Cell-mediated immunity after pertussis vaccination and after natural infection.

The aim of this study was the investigation of the specific cell-mediated (CMI) responses induced by DTaP and to compare these data to immunity after natural infection. The ability of peripheral blood T-lymphocytes to respond to the pertussis related antigens pertussis-toxin (PT), filamentous haemagglutinin (FHA), and Pertactin (PRN) was investigated in 40 children before vaccination and at different times after vaccination with DTaP (Infanrix) by measurement of antigen-specific proliferation, lymphocyte phenotype, cytokine production and expression of activation markers (CD25, HLADR). Similar investigations were performed in children 4-6 weeks after recovery from natural pertussis.

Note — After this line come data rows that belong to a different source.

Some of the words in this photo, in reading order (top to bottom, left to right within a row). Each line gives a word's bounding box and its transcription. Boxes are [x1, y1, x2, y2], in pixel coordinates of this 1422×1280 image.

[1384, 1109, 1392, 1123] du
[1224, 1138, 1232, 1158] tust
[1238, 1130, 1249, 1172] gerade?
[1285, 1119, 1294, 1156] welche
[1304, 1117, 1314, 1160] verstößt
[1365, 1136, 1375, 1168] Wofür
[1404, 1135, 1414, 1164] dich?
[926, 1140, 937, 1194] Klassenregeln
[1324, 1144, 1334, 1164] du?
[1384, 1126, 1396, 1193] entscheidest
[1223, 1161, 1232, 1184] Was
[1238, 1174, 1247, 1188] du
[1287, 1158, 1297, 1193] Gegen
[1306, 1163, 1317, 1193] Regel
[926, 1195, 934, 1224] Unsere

DTaP created a specific T-cell-response to PT, FHA and PRN that increased continually, depending on the progress of the vaccination schedule. In contrast to waning antibody titres, CMI was stable even between the post-basic vaccination and the pre-booster period. The magnitude of CMI after DTaP equalled those after natural infection. Measurement of cytokine-pattern showed induction of IFN-tau-producing T-helper-1-cells with lower stimulation of IL 10-producing T-helper-2-cells for DTaP and natural infection. Our data indicate that DTaP-vaccination induces a potent immune response to PT, FHA, and PRN at least equivalent to CMI after natural infection. The finding of a preferential T-helper-1-induction after DTaP and natural infection suggests a role of IFN gamma-activated macrophages in the protective response against B. pertussis-induced disease.